Valentine's Day 2007 - My brother wins song contest!
My brother, Toby wrote this love story for a K-LOVE contest where the winning entry gets a song written by Mark Schultz for Valentine's Day. Toby's and Debbie's story made the top five and this morning . . . THEY WON! Congratulations, Brother! Debbie and Toby agree, Tobe has set himself for Valentine's gifts for the rest of his natural life. All he has to do is play the song and she'll melt every February 14. They are a beautiful couple and romantics to the marrow.
We're so happy for you, Toby and Debbie, but we also know much more about the goodness of your lives than people on the radio hear. One example of their love is their work with CareNet. Toby has run two marathons to benefit CareNet, and both Toby and Debbie go to public high schools to teach an abstinence program and about what true love really is.
They know true love and we salute them today, Valentine's Day 2007.
Here's the story that won the contest and the basis for Mark Schultz's song. I don't have access to the song yet. Someone let me know if you find it. They've played it on radio a couple times. The song is called, "I'll always love you."
A Warm Summer Morning By Toby Taylor for Debbie Taylor
On a warm summer morning in 1986, I saw my wife for the very first time. I had just finished my second year at Harding University and had flown a thousand miles from home to spend the summer as a counselor at Camp Hunt, a Christian youth camp in Upstate, NY. Being a "home body", I didn’t like traveling away from my home and family in Oklahoma. But, a friend from Harding, Bob, talked me into 6 weeks of camp in the green hills of central New York.
By providence, another friend from New York told me about a girl that was to be a counselor with me that summer. He had been to Camp Hunt and knew several people from the area and just a month before I left, he told me about Debbie. Brown hair, cute, short, a lot of fun and a devoted Christian; was how he described her. She was someone special from the way he talked. I knew that I would look for her that summer.

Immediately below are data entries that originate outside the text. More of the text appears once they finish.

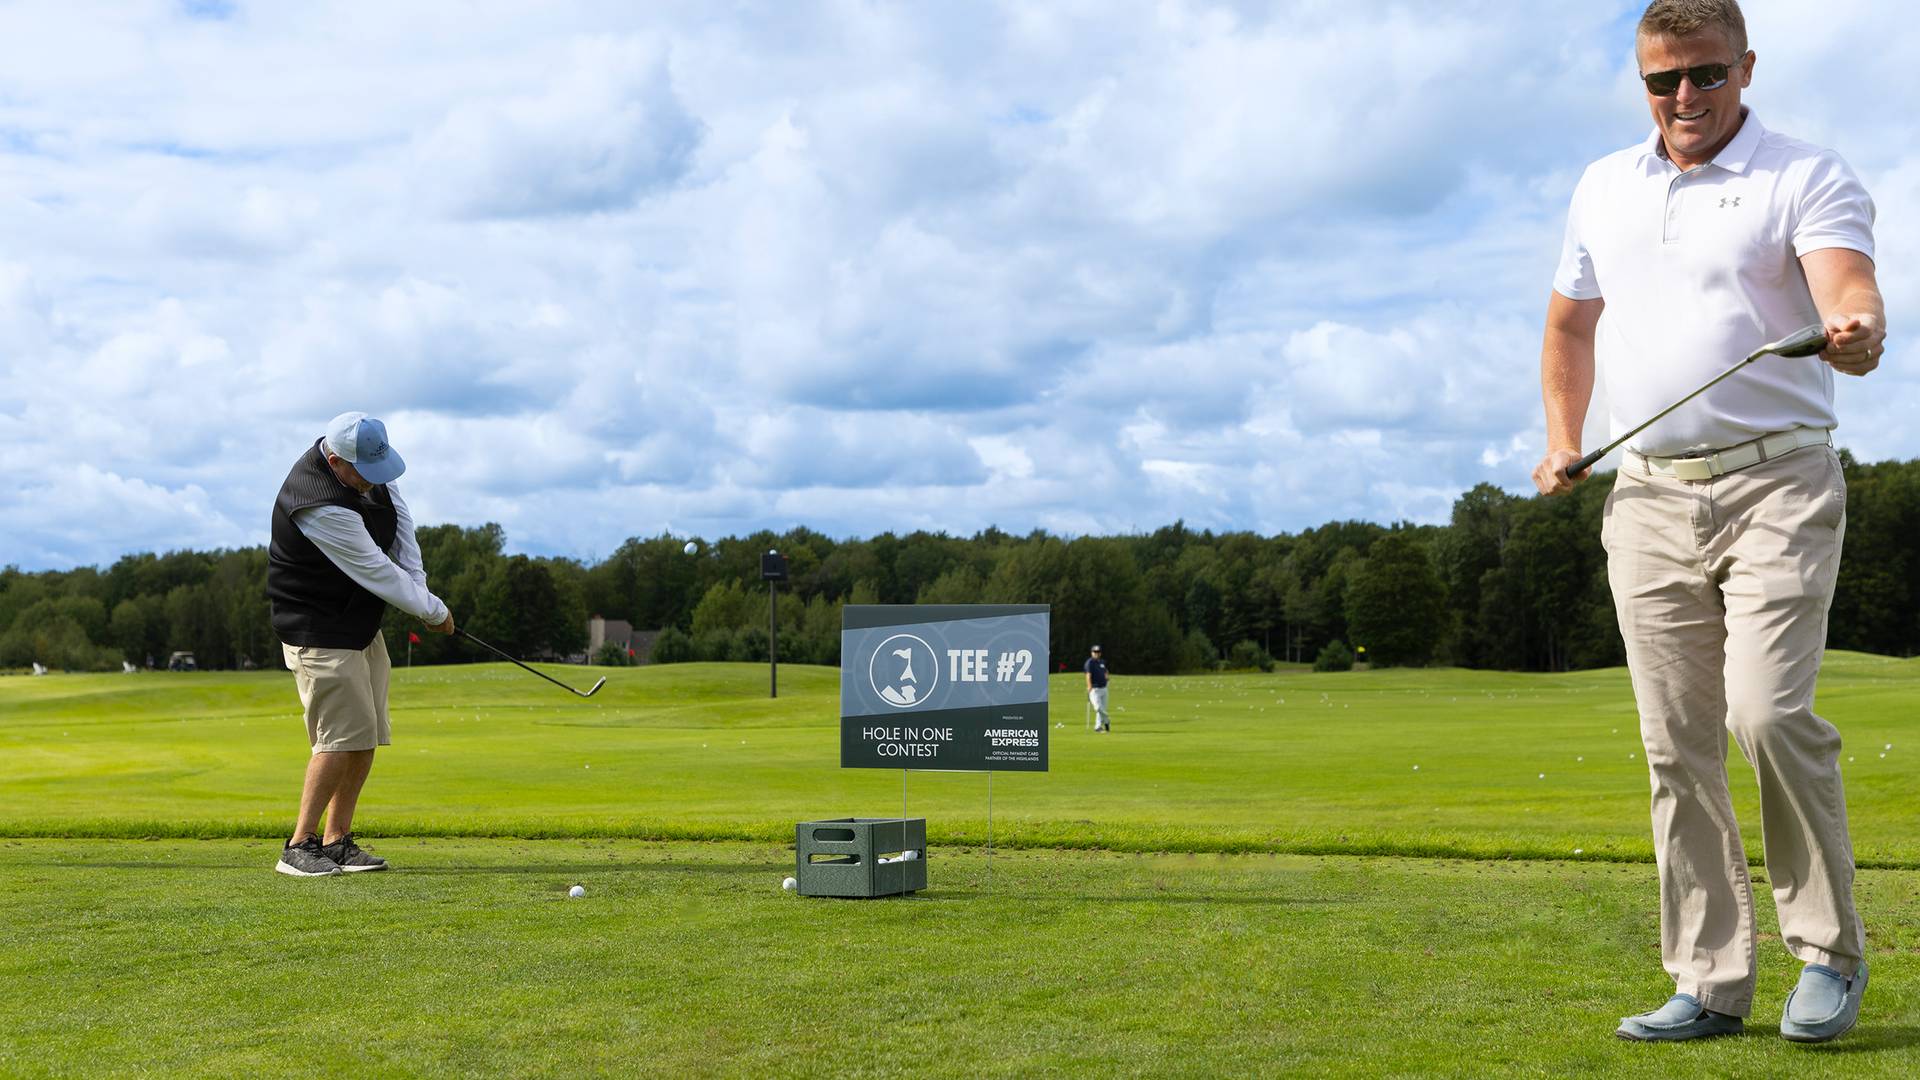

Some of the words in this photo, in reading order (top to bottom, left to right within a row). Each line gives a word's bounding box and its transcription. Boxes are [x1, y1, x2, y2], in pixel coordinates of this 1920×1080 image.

[947, 649, 989, 682] TEE
[996, 649, 1033, 682] #2
[863, 727, 901, 740] HOLE
[904, 727, 919, 741] IN
[922, 727, 953, 741] ONE
[984, 729, 1038, 738] AMERICAN
[991, 738, 1039, 747] EXPRESS
[877, 743, 940, 757] CONTEST

When I flew into NY, Bob picked me up and I entered the countryside. I marveled at the beauty of cornfields, cattle and farmhouses on rolling green hills and meadows. Camp Hunt was set on a hill overlooking a valley of trees and more farms. A large green wooden building stood in the center of the camp and served as the mess hall. A cut tree erected in the grounds served as a flag pole and just behind the flag pole, the lodge. Deihl Lodge was a picture of camping Americana. Surrounded by pine trees and painted brick red, it also stood over the valley. Inside was dim lighting and musty smelling furniture in a common room where we had our counselors meetings.
It was here. I sat miles away from home, not sure what I was getting into. I sat on the old dusty couch and while others visited around me, I gazed out the open door facing east and the morning sun. There was a mist in the valley that was slowly rising and dissipating in the warmth of the sunlight. My trance-like state melted away as she walked into the doorway.

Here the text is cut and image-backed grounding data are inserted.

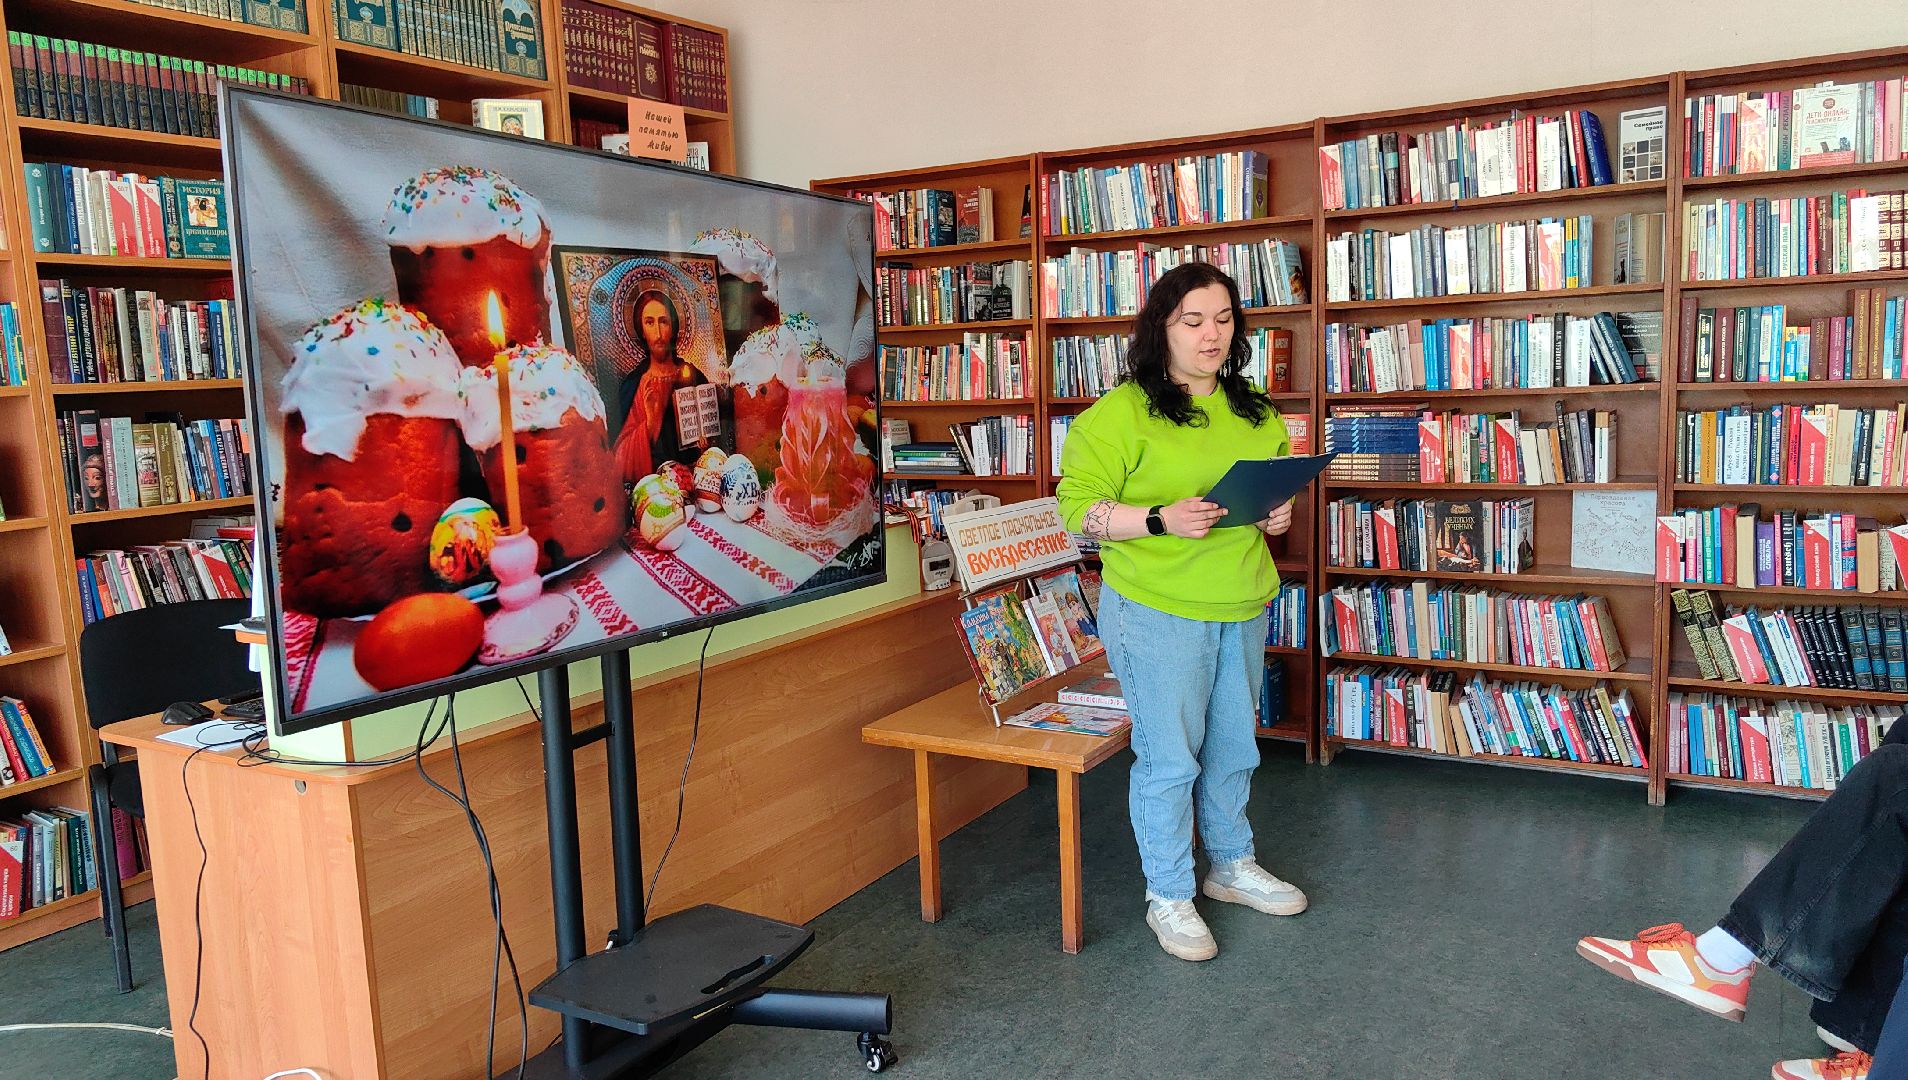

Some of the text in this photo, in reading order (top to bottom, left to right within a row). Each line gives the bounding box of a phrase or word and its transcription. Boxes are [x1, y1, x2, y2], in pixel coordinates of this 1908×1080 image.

[639, 126, 679, 139] памятью
[645, 110, 672, 124] Нашей
[1780, 96, 1789, 164] ОСНОВЫ РЕКЛАМЫ
[647, 139, 671, 152] живы
[182, 186, 221, 195] ИСТОРИЯ
[67, 315, 80, 374] ДРЕВНИЙ МИР
[959, 511, 1057, 547] СВЕТЛОЕ ПАСХАЛЬНОЕ
[1445, 516, 1475, 524] ВЕЛИКИХ
[967, 531, 1071, 575] ВОСКРЕСЕНИЕ
[1784, 542, 1794, 576] deutsch
[1546, 615, 1557, 656] АВТОМЕХАНИК

I knew it was her right away. Her smile, auburn hair, small nose and freckled face were immediately recognizable; Debbie. But it was the warmth and kindness and joy she carried that told me this was the girl I had heard about. As she stepped into the lodge in front of the morning sun, sun beamed through her hair and danced around her smiling face, the face of an angel. Never had the sun been adorned with such beauty as when my future wife carried it’s rays around her.
I can’t say I knew then that I was going to marry this bright, happy girl, but I knew I’d try. The vision above soon ended as her boyfriend walked into the lodge behind her. But, 6 weeks of counseling camp and then attending Harding together in the Fall, our friendship grew. We took a class together, "Hebrew Poetry". Studying together, we memorized verses from Psalms and Song of Solomon at the college Laundromat. Our fondness for each other was natural and pure. Our first kiss was on a Sunday evening standing on a sidewalk and under a light on the Harding campus in January 1987. We were married June 25, 1988 at the Church of Christ in Utica, New York. We now live just 25 miles from Camp Hunt. We often spend a week or two in the summer teaching Bible class at camp. I often venture back to the lodge and look out the doorway to the valley below. But, many times my mind doesn’t see the beauty of the valley, instead I see my wife again for the very first time.